Steve Nash likes football - the media has beaten it to death. But the real story here is that the great international players have succeeded precisely because they have the vision of the full court that a midfielder would have of the pitch.

 
At 10/13/2006 1:15 PM, Anonymous Anonymous said...

I think saltedbagel has it on lock about guys that play a certain position, but have other skills as well (i.e. Dirk, Sheed, Nate Robinson dunking, etc). I think the CLOSEST example of the type of team you are talking about would be the Suns, but even they rely on position-based play; the same positions are all represented, but by unorthodox players in them. Still though, they played with a system that worked for who they had and a point guard that thrived in it. I think with that system, they would have beaten Miami had they made it to the finals. I also agree that Miami's title should be attributed more to D-Wade's domination (and foul shots) than their traditional position based play of J-Will and Shaq.

Imagine a team of LeBron James clones. He's a guy who can "do it all," but would that team be successful? Perhaps against the Suns, playing that style. Against Shaq? Probably not. Teams would just find the way to beat them whether it be size, strength, quickness, or whatever, and implement that. Everything has a weakness.

 
At 10/13/2006 1:37 PM, Anonymous Anonymous said...

Re: Diaw as the first Point Center... Doesn't Magic own that title entirely, on the basis of the 1980 Finals? Isn't it true that there is nothing Diaw has done that Magic didn't do first? Granted, Magic returned to PG when Kareem returned, but he proved it could be done.

 
At 10/13/2006 1:42 PM, Anonymous Anonymous said...

much as i love the free darko take on the nba, the true and final point of the league has remained the same since its beginning: make a buck.

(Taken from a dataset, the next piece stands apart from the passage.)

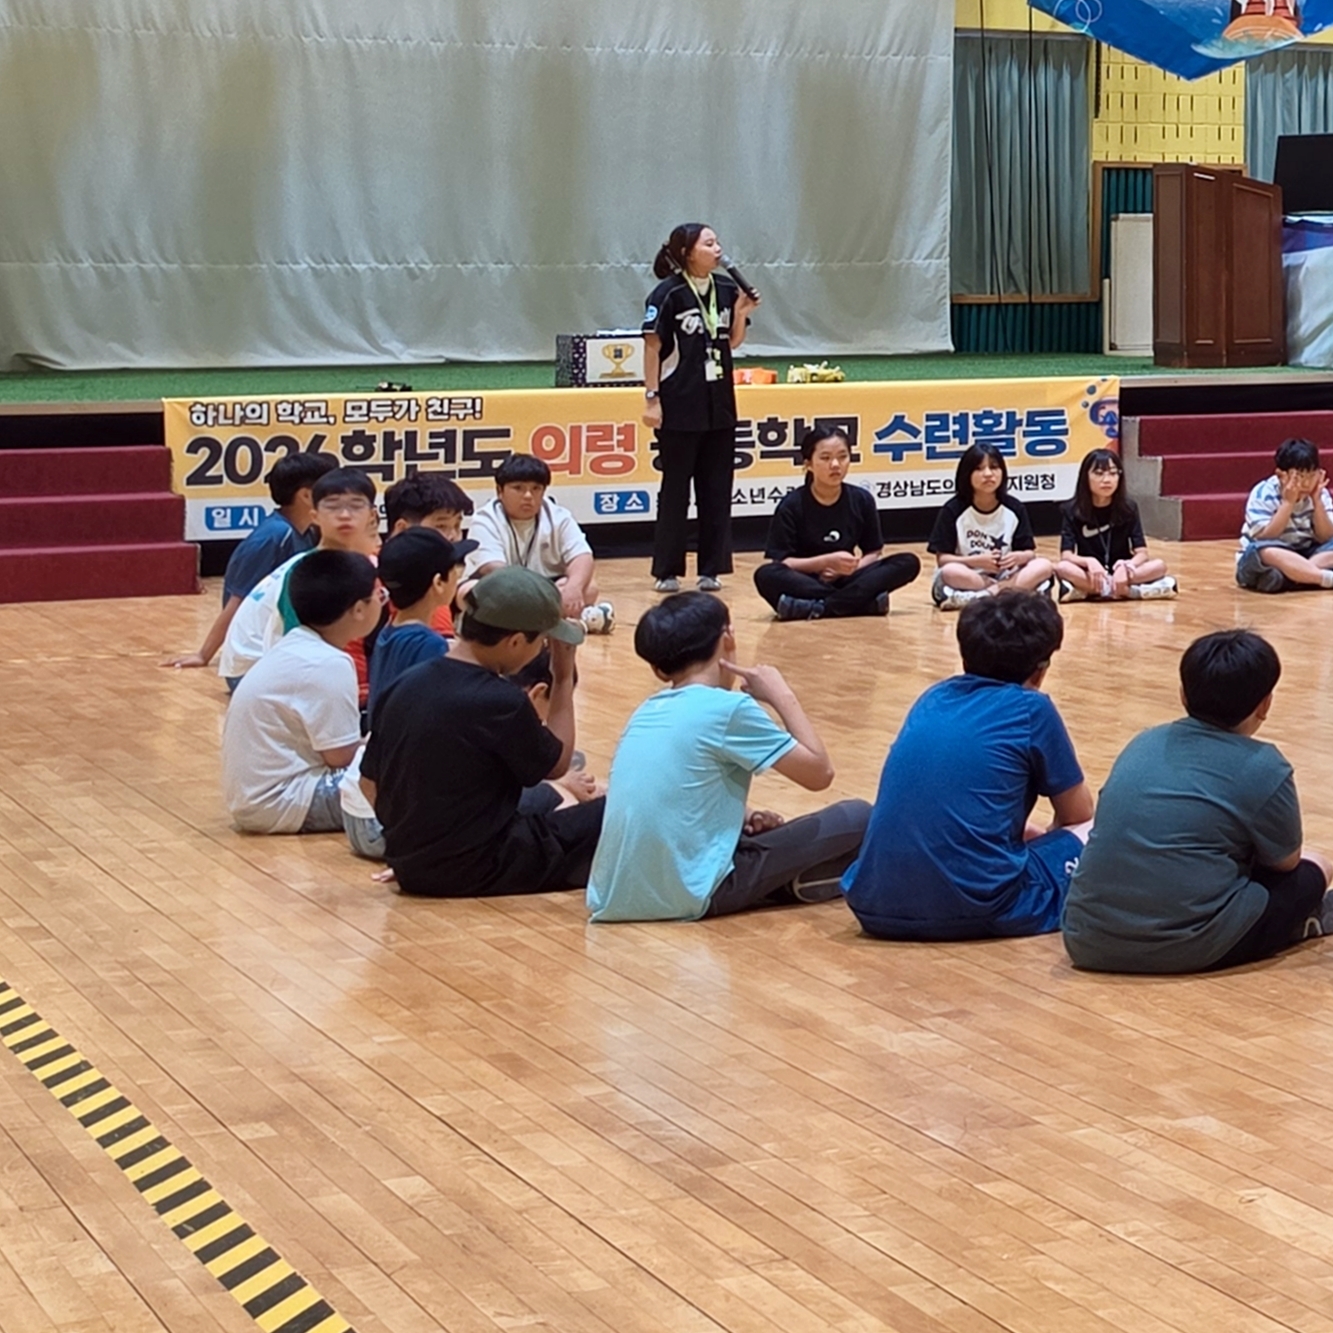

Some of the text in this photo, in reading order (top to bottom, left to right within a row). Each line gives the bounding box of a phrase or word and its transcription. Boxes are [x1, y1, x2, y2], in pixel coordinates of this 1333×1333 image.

rule changes of both drastic and subtle nature are implemented every year to make the product more consumer-ready. the league is predicated on showcasing individual stars as a way to generate money. to me, that means that the league wants its stars spread out among the squads. put 3+ stars on big market teams, give toronto chris bosh. every so often a miami comes along and squeezes what little juice remains from enough withered lemons to get one glass of lemonade, but such occurences are rare and short lived.

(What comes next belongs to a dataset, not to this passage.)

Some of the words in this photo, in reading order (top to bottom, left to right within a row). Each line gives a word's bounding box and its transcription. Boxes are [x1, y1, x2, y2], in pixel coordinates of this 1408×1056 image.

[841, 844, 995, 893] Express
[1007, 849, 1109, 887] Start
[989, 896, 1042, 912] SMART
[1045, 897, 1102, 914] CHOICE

most of the stars in today's nba are the positionless wunderkind of shoal's article, so if you agree with my assesment of the league's true goal than my next point is a logical conclusion:

i propose that shoals' dream team is a distinct possibility in the college ranks where rules of assembling a team are pretty loose. on the flipside, it's pretty much an impossibility in the pros where assemblage is far more restricted.

i feel that a professional team composed of extremely dope positionless/positionful players who enjoy consistent success (multiple championships) would be impossible to assemble anywhere but a big market like ny or la. such a team would become a juggernaut, the league's worst nightmare, and couldn't possibly last long due to the goodies of the league's salary structure.

as for the zards, i actually drank enough maker's mark to convince myself that the 3 seed was a mortal lock. but let's be real: their positionless strenght is their positionless weakness.

 
At 10/15/2006 2:46 AM, Blogger Thomas M. said...

I think it would be prudent to point out that Total Football has accounted for all of no World Cups, as opposed to multiple honors for cattenaccio and the regimented German fussball.

Even Barcelona plays a system, that being a 4-3-3 where the 2 attacking midfielders and the 3 forwards play roughly free roles (although they all typically wind up in the same spots, Ronaldinho wide left, Messi/Giuly wide right, Eto'o central); everybody else on the team has a role. Not to say that they aren't possibly the greatest advertisement for the game in living memory, they still have definite roles that are filled by specific players.